INSTRUCTIONS FOR THE TASK
Leave the pictures aside and copy all the data exactly.

#### MATERIAL FOR THIS TASK ####

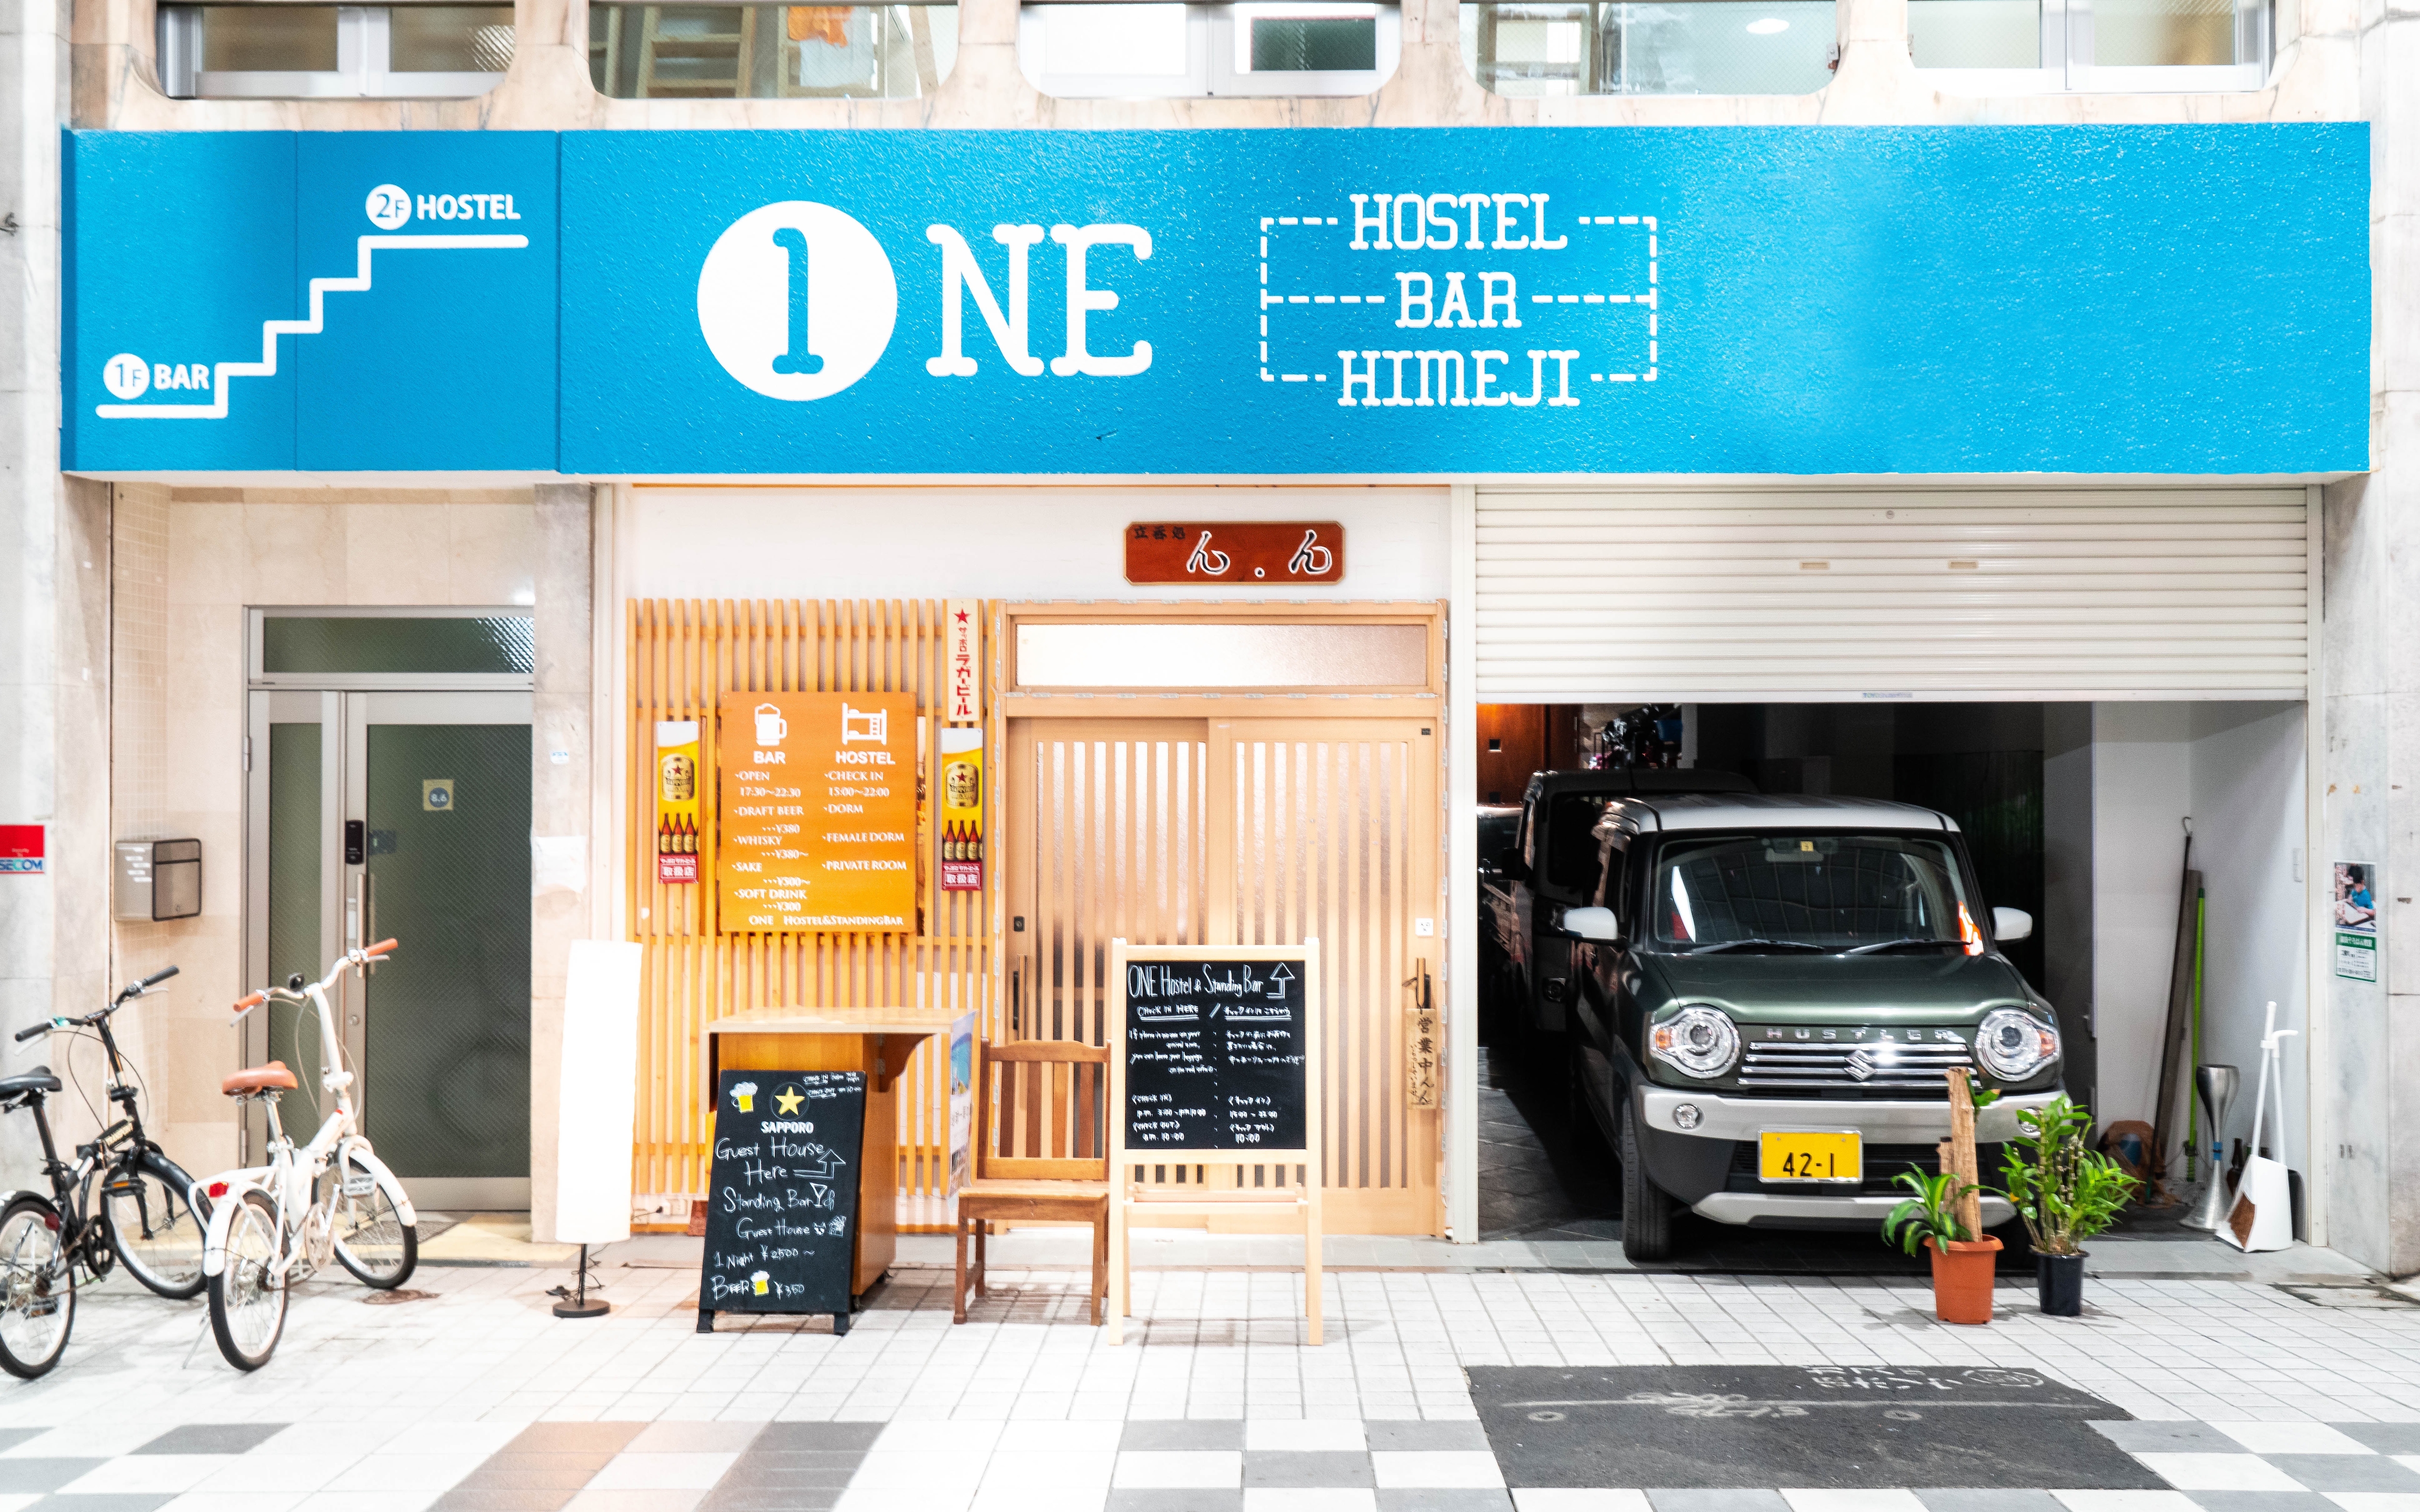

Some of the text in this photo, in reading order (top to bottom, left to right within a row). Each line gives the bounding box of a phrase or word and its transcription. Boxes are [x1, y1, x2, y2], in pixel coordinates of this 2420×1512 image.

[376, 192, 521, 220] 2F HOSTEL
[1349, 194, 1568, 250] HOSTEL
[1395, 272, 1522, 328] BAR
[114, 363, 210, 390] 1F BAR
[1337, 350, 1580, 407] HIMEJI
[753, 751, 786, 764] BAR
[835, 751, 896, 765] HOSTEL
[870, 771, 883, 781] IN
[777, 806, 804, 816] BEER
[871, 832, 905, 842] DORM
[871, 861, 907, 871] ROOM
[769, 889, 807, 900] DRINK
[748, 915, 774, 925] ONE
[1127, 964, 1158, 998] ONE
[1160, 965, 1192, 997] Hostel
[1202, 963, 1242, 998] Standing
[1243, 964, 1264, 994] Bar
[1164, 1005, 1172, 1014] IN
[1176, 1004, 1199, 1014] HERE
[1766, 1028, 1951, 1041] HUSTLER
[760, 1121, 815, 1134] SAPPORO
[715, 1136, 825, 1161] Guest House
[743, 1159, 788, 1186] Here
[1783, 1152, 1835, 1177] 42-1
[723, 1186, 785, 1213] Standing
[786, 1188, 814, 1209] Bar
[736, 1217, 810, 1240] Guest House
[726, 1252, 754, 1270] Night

####

ANSWER SPACE
Some of the text in this photo, in reading order (top to bottom, left to right within a row). Each line gives the bounding box of a phrase or word and its transcription. Boxes are [x1, y1, x2, y2], in pixel coordinates of this 2420×1512 image.

[376, 192, 521, 220] 2F HOSTEL
[1349, 194, 1568, 250] HOSTEL
[1395, 272, 1522, 328] BAR
[114, 363, 210, 390] 1F BAR
[1337, 350, 1580, 407] HIMEJI
[753, 751, 786, 764] BAR
[835, 751, 896, 765] HOSTEL
[870, 771, 883, 781] IN
[777, 806, 804, 816] BEER
[871, 832, 905, 842] DORM
[871, 861, 907, 871] ROOM
[769, 889, 807, 900] DRINK
[748, 915, 774, 925] ONE
[1127, 964, 1158, 998] ONE
[1160, 965, 1192, 997] Hostel
[1202, 963, 1242, 998] Standing
[1243, 964, 1264, 994] Bar
[1164, 1005, 1172, 1014] IN
[1176, 1004, 1199, 1014] HERE
[1766, 1028, 1951, 1041] HUSTLER
[760, 1121, 815, 1134] SAPPORO
[715, 1136, 825, 1161] Guest House
[743, 1159, 788, 1186] Here
[1783, 1152, 1835, 1177] 42-1
[723, 1186, 785, 1213] Standing
[786, 1188, 814, 1209] Bar
[736, 1217, 810, 1240] Guest House
[726, 1252, 754, 1270] Night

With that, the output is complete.